I am running Graylog 4 natively on Ubuntu 20.04. How do you purge the entire configuration? I know I can kill the data by clearing out the ES Indices BUT, how do you completely clean the Graylog configuration to start fresh?
I’ve seen reference to a control script that only existed as part of the appliance, and apparently its also been discontinued.
So. How does one completely purge the Graylog configuration to start fresh?
assuming a default install I think the cleanest way would be to remove everything and start over.
stop everything and then apt-get remove
apt-get remove graylog-server
apt-get remove mongodb-org
apt-get remove elasticsearch
then you can install the latest supported versions of each and start over.
If you just want to purge the configuration, I would stop graylog, remove graylog, delete the graylog db from within mongodb. delete the data from ES. then reinstall graylog and start fresh.
optionally, you could upgrade all the components to the latest supported versions.
good luck
Thanks for the info. That was my hunch, but I wanted to make sure. Upgrading from 3 to 4 and ELK from 6.8 to 7.10 is what caused this whole mess…
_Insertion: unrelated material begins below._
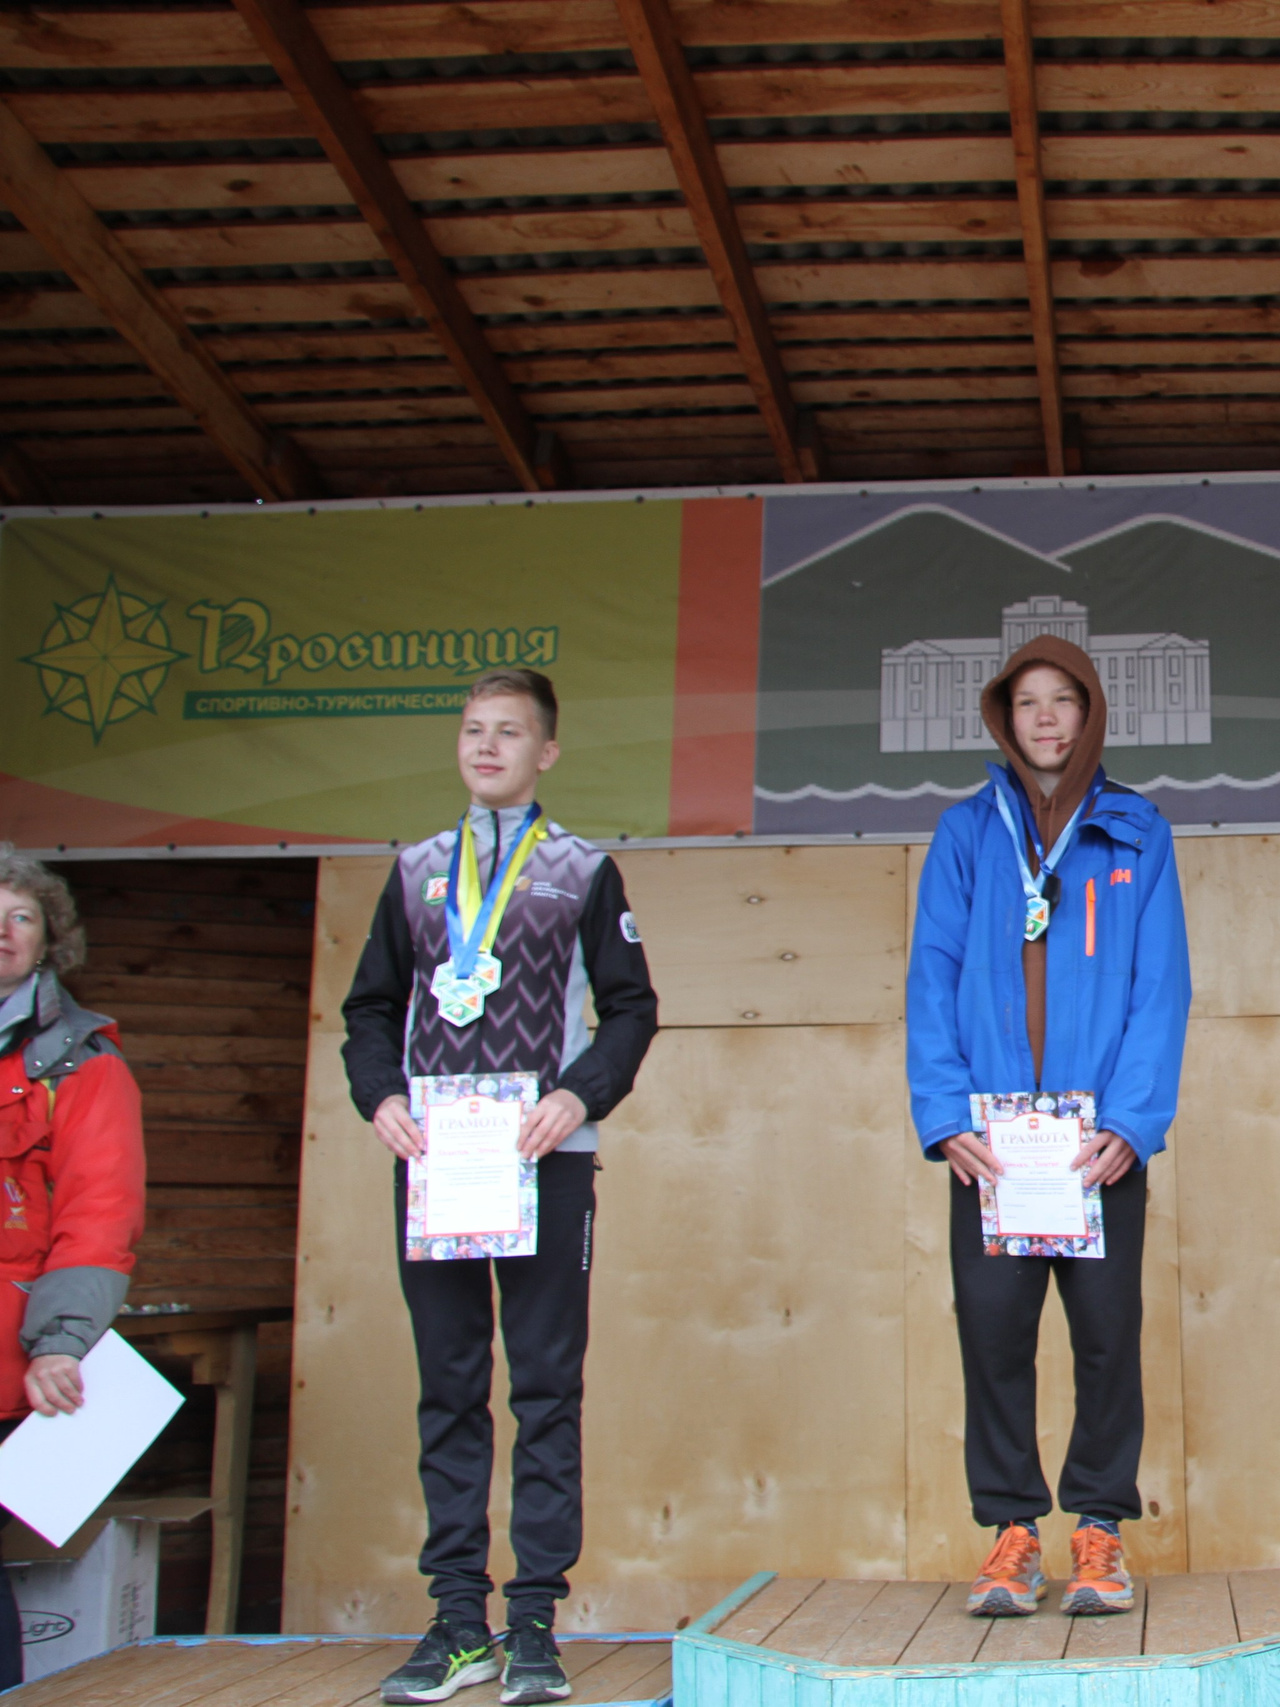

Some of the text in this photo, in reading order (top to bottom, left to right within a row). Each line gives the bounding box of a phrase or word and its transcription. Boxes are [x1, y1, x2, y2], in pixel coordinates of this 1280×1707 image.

[186, 598, 559, 684] Провинция
[438, 1116, 509, 1130] ГРАМОТА
[1000, 1132, 1070, 1145] ГРАМОТА
[22, 1620, 66, 1636] ight
I literally only use Graylog and ELK for syslog centralization and easy searching, and the upgrade completely screwed up everything. I think at this point you’re right… I’m going to remove everything and start over.
I didn’t think that a simple remove would purge the data though… I was pretty sure that simply removing mongodb will leave the database behind. I am nervous, but maybe a purge is the right thing to do…
default location for the dbs are /var/lib/mongodb
so
sudo rm -r /var/lib/mongodb
should delete them.
This topic was automatically closed 14 days after the last reply. New replies are no longer allowed.